"MONITOR YIN YANG": ARGENTINA ARRIVES AT THE VENICE BIENNALE WITH AN OPEN CARTOGRAPHY
Matías Duville's installation proposes a traversable landscape where light and shadow, permanence and transformation coexist without resolution.
The Argentine Pavilion, on the occasion of the 61st Venice Biennale, will be dressed in salt and charcoal. Matías Duville (Buenos Aires, 1974) presents a project in which drawing unfolds as a spatial, sonic, and performative experience. A landscape you can walk through.

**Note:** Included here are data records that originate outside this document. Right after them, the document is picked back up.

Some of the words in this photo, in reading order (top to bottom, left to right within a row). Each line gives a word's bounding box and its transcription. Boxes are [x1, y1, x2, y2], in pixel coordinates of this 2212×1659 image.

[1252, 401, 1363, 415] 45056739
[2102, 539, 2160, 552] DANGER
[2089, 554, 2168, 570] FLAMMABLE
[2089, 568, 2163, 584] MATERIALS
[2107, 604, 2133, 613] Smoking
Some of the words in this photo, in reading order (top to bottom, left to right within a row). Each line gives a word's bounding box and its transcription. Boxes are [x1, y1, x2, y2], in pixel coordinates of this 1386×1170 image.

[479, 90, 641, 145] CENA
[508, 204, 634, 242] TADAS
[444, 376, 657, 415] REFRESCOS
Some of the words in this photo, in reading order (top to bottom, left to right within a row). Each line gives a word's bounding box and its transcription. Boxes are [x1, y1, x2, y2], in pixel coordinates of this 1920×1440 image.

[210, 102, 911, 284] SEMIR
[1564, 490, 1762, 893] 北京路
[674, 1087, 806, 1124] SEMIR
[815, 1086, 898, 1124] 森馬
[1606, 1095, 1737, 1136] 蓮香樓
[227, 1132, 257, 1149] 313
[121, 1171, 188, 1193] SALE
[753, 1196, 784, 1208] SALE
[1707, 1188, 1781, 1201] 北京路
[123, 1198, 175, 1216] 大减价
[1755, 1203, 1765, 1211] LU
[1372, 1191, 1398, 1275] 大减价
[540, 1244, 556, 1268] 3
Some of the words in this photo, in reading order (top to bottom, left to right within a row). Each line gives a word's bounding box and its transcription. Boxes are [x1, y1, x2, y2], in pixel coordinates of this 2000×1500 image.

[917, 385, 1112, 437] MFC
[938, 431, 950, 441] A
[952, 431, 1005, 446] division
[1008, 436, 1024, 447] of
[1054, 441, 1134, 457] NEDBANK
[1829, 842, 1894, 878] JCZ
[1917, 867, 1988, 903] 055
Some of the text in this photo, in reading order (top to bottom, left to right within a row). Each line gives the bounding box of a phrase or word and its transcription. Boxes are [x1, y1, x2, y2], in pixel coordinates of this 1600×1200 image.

Monitor Yin Yang is a site-specific installation curated by Josefina Barcia that draws from the yin and yang worldview to imagine a territory where opposing forces coexist: "light and shadow, waste and energy, ruin and promise, with no horizon of resolution," as the Venice Biennale describes it. The exhibition exists within a context where landscapes are no longer purely physical spaces, but also systems mediated by technologies of observation and recording — hence the notion of "monitor" in the title.
Although Duville works from an idea or sketch, he emphasizes the importance of producing the work on site. Over a blanket of white salt, he draws an unstable landscape using ground charcoal. "There is a lot of handwork. There is work with different tools to achieve many degrees of subtlety and loss of control, of brutality," the artist explains.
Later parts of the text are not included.